**EXERCISE GOAL:**
Before copying, set the pictures aside; then repeat every line below verbatim.

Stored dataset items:
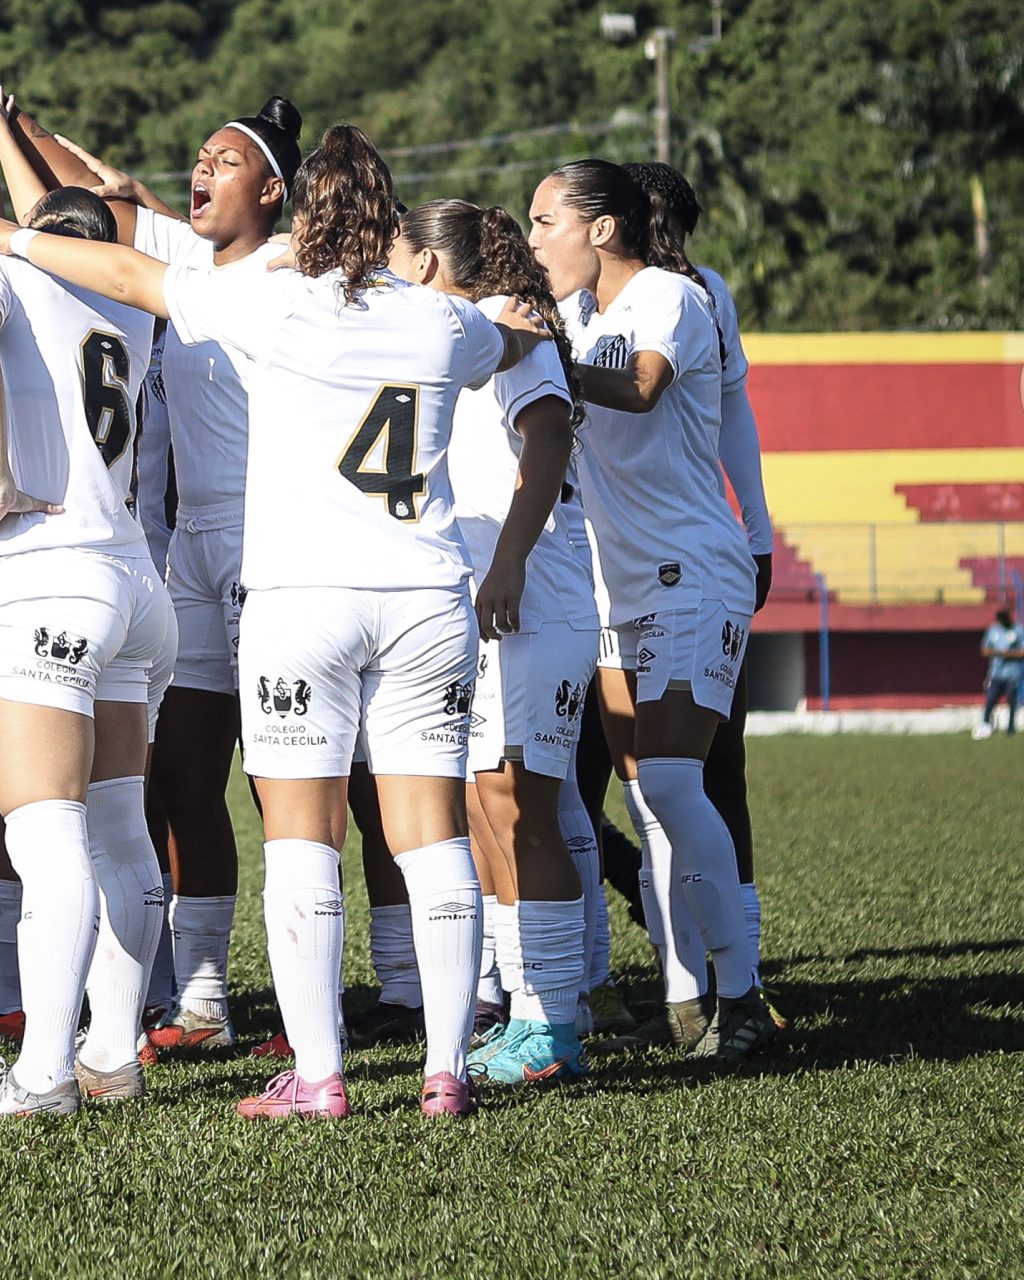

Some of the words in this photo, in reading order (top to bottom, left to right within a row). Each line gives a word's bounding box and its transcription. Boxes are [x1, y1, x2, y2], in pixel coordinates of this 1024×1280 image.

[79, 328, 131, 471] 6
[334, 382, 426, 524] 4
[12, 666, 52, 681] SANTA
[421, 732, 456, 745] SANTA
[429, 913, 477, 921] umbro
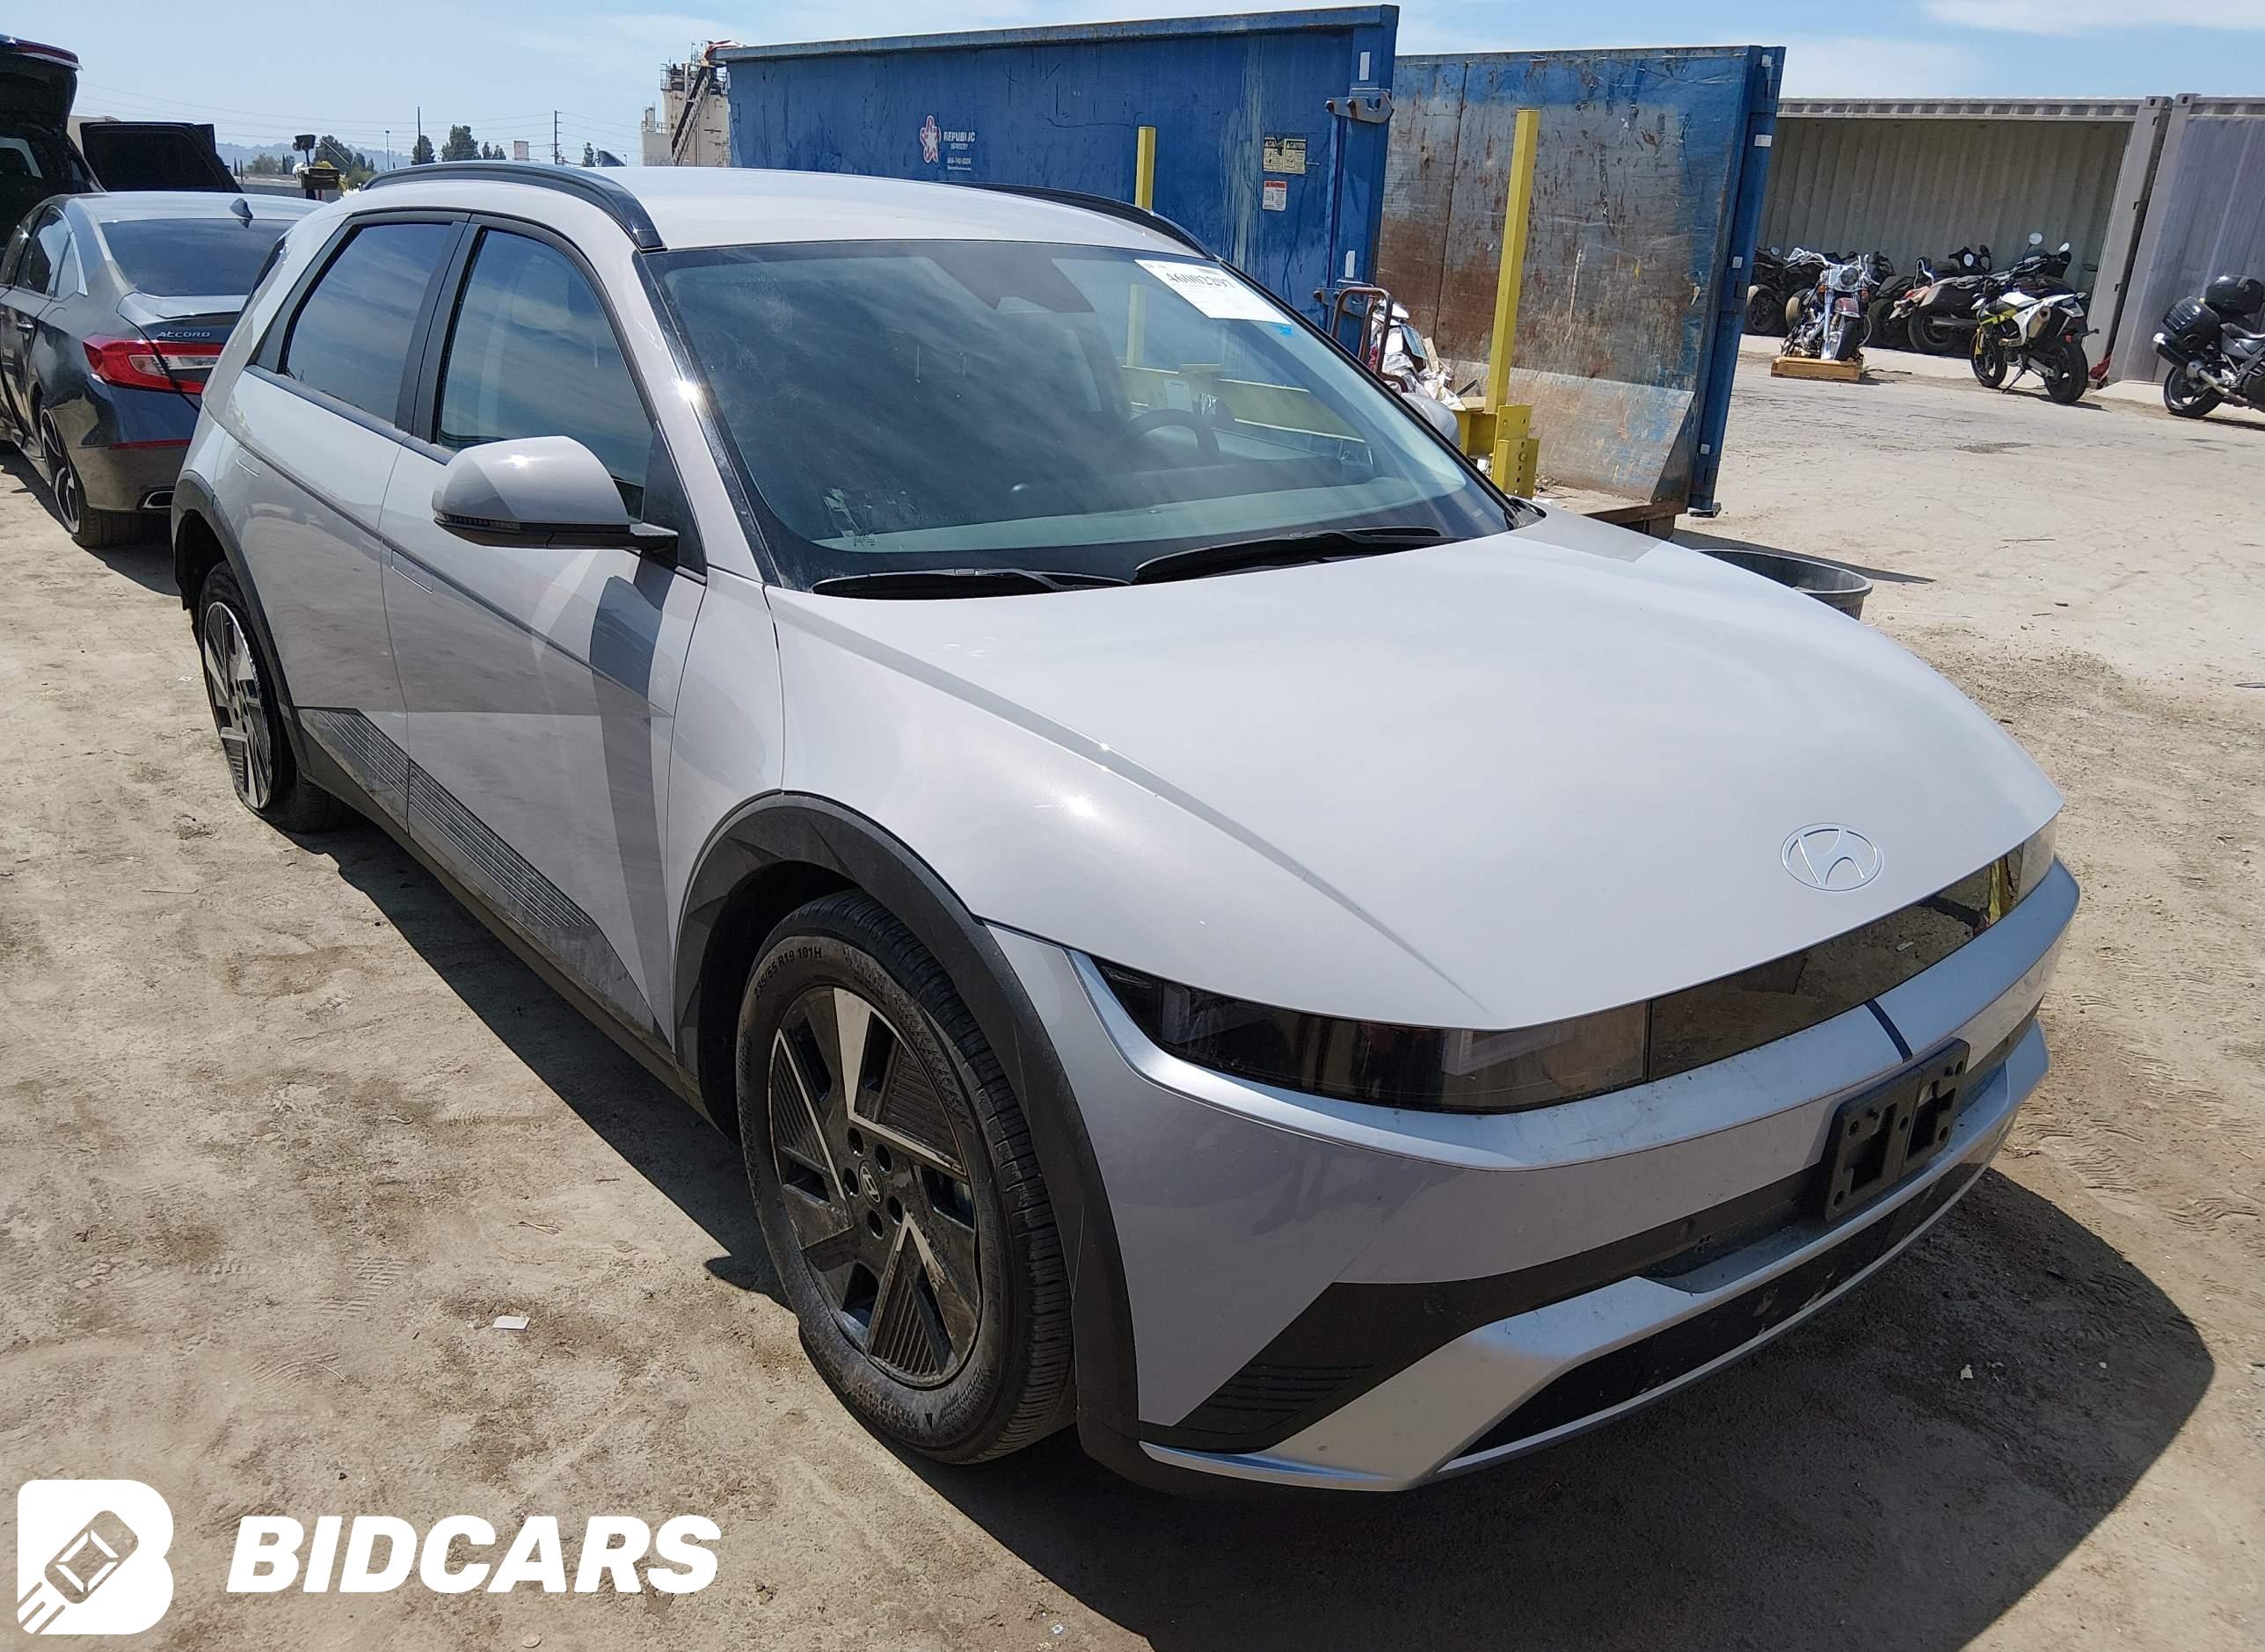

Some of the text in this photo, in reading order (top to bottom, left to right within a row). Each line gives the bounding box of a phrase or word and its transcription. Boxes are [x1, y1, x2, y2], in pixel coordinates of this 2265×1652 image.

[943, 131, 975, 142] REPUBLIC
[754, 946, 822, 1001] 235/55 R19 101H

**FINISHED TASK:**
Some of the words in this photo, in reading order (top to bottom, left to right within a row). Each line gives a word's bounding box and its transcription. Boxes are [x1, y1, x2, y2], in pixel coordinates of this 1024×1280 image.

[79, 328, 131, 471] 6
[334, 382, 426, 524] 4
[12, 666, 52, 681] SANTA
[421, 732, 456, 745] SANTA
[429, 913, 477, 921] umbro

Some of the text in this photo, in reading order (top to bottom, left to right within a row). Each line gives the bounding box of a phrase or word and its transcription. Boxes are [x1, y1, x2, y2], in pixel coordinates of this 2265×1652 image.

[943, 131, 975, 142] REPUBLIC
[754, 946, 822, 1001] 235/55 R19 101H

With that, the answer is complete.